Jetzt, knapp einen Monat später, ist unklar, ob das «Plaza» diese Saison tatsächlich jeweils bereits um 19 Uhr die Lichter löschen wird. Denn es gibt ein Hintertürchen. 

Das Bundesgerichtsurteil lässt einen gewissen Spielraum offen. Darin heisst es, es sei nicht ausgeschlossen, dass bei Nachtbetrieb des Skiliftes oder der Halfpipe ein «Plaza»-Raum geöffnet sein dürfe, in dem Schneesportler etwas trinken und sich aufwärmen können.* Wird nun durch häufigeren Nachtskilift-Betrieb auf dem Bolgen eine Umgehung des Bundesgerichtsurteils angepeilt? Die Bergbahnen Davos Klosters wollen sich dazu nicht äussern. Immobilien-Leiter Vidal Schertenleib sagt: «Leider können wir zur Zeit nichts Neues zum Thema Bolgen Plaza berichten.» 

ZUM JAHRESTREFFEN DES WORLD ECONOMIC FORUM (WEF) IN DAVOS, VOM MITTWOCH, 20. JANUAR BIS SAMSTAG, 23. JANUAR 2016, STELLEN WIR IHNEN FOLGENDES BILDMATERIAL ZUR VERFUEGUNG - View of Davos, Switzerland,  ...
Der Dorfsegen in Davos hängt schief.Bild: KEYSTONE

Dafür spricht Armon Vital, der Anwalt des Klägers Kurt Compagnoni. Sein Mandant und er seien offen für Diskussionen. «Aber nicht für Tricksereien oder Umgehungen des Urteils», sagt Vital. In Bälde stehe ein Treffen zwischen ihm, den Bergbahnen und der Gemeinde Davos – die das Gesetz umsetzten muss – an. 

«Da machen wir nicht mit»

Rechtsanwalt Vital stellt allerdings klar: «Streben die Bergbahnen durch eine tägliche Inbetriebnahme des Nachtskilifts ‹Plaza›-Öffnungszeiten bis 21 Uhr an, machen wir nicht mit.» Es gehe beim ganzen Fall auch darum, den Rechtsstaat zu verteidigen. Nur weil verschiedene Seiten den Bundesgerichtsentscheid in Frage stellten, heisse das noch lange nicht, dass er keine Gültigkeit habe. Nicht das Bolgen Plaza sei eine Institution, sondern das Bundesgericht. 

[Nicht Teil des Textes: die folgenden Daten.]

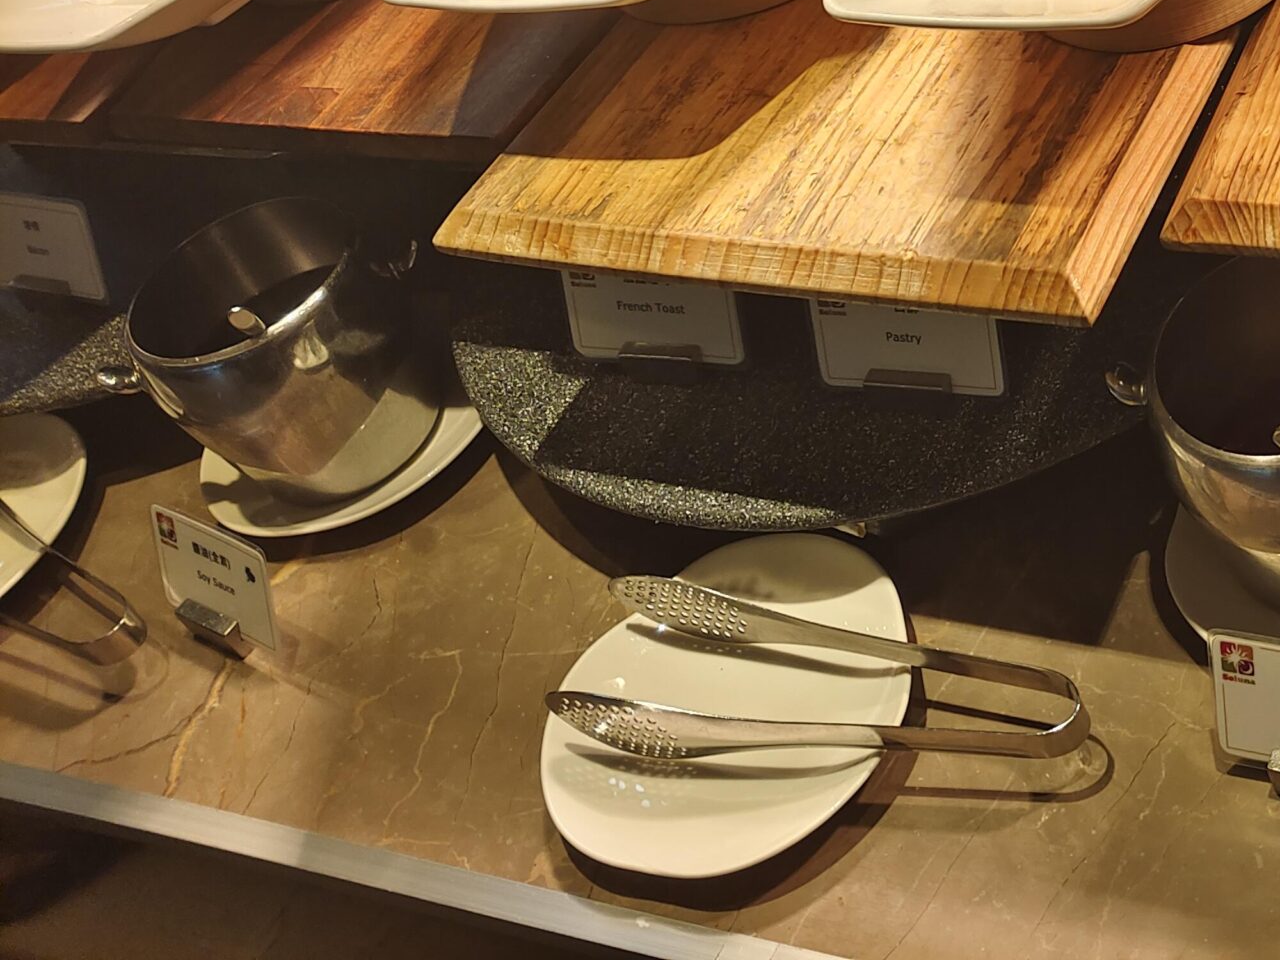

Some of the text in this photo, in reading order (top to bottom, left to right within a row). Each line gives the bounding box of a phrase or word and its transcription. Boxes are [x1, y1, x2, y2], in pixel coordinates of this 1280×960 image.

[616, 300, 686, 314] French Toast
[886, 331, 922, 345] Pastry
[196, 569, 236, 596] Soy Sauce

«Wir wollen jede Möglichkeit prüfen, um gegen den Beschluss vorzugehen.»
Vidal Schertenleib, Immobilien-Leiter der Bergbahnen im Blick

Doch genau auf die 21-Uhr-Strategie, zumindest für gewisse Tage, scheinen die Bergbahnen zu setzen. Zuerst kündigten sie an, sie wollten «jede Möglichkeit prüfen, um gegen den Beschluss vorzugehen». Vidal Schertenleibs Vater, Bergbahnen-CEO Carlo Schertenleib, wurde kurz danach etwas konkreter. Er will das Plaza bis 21 Uhr offen lassen. Das schulde man der Bevölkerung und dem Image von Davos. Ein Ende des Streits scheint vor diesem Hintergrund nicht in Sicht.

Bolgen Plaza
So sieht an schönen Tagen beim Plaza aus.bild: zvg

Über 4000 Unterschriften gesammelt 

Wie kann es ein, dass selbst nach einem Bundesgerichtsentscheid weiter gestritten wird? Was ist seit dem Beschluss genau geschehen?

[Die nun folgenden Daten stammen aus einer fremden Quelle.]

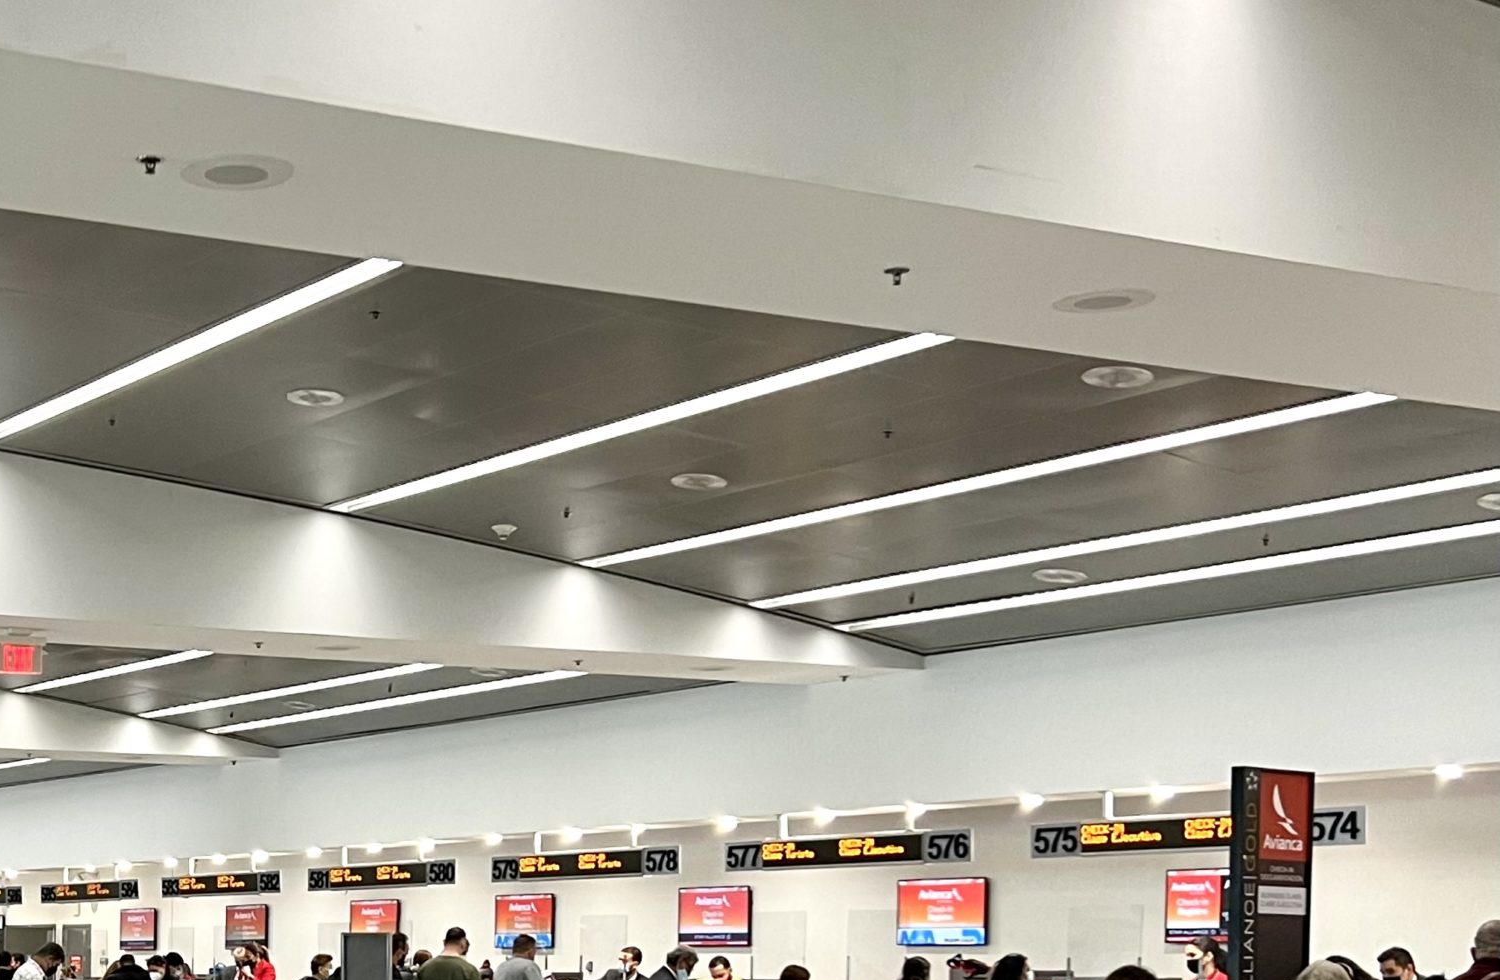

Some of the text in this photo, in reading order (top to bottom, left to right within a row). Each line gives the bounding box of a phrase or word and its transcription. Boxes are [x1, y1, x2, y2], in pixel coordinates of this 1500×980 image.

[927, 833, 968, 860] 576
[1034, 825, 1078, 854] 575
[1263, 834, 1303, 851] Avianca
[645, 849, 678, 872] 578
[726, 844, 759, 868] 577
[309, 870, 329, 889] 581
[429, 863, 455, 884] 580
[492, 859, 518, 880] 579
[260, 873, 280, 891] 582

  • Die Bergbahnen teilten unter anderem per Medienschreiben mit, wie schädlich der Beschluss für die ganze Region sei. Sie veröffentlichten den Namen von Kurt Compagnoni, dem Kläger.
  • Zahlreiche Medien nahmen die Geschichte auf und schrieben vom bösen Zürcher, der den Davoser Tourismus kille. Das «Plaza» sei eine Institution. 
  • Eine Welle der Empörung machte sich breit. Unter anderem wurde die Online-Petition Free Après-Ski Davos ins Leben gerufen, die bis heute weit über 4000 Personen unterschrieben haben.  
Plaza
Das Bolgen Plaza. Dahinter die Halfpipe und der Skilift.bild: zvg

Der Plan der Bergbahnen geht auf

Damit ist den in Davos überaus mächtigen Bergbahnen gelungen, was sie erreichen wollten: Nicht sie, die sich jahrelang nicht an die Gesetze hielten und unter anderem ohne Bewilligung eine Aussenterrasse bauten, haben Schuld an der jetzigen Lage, sondern Compagnoni.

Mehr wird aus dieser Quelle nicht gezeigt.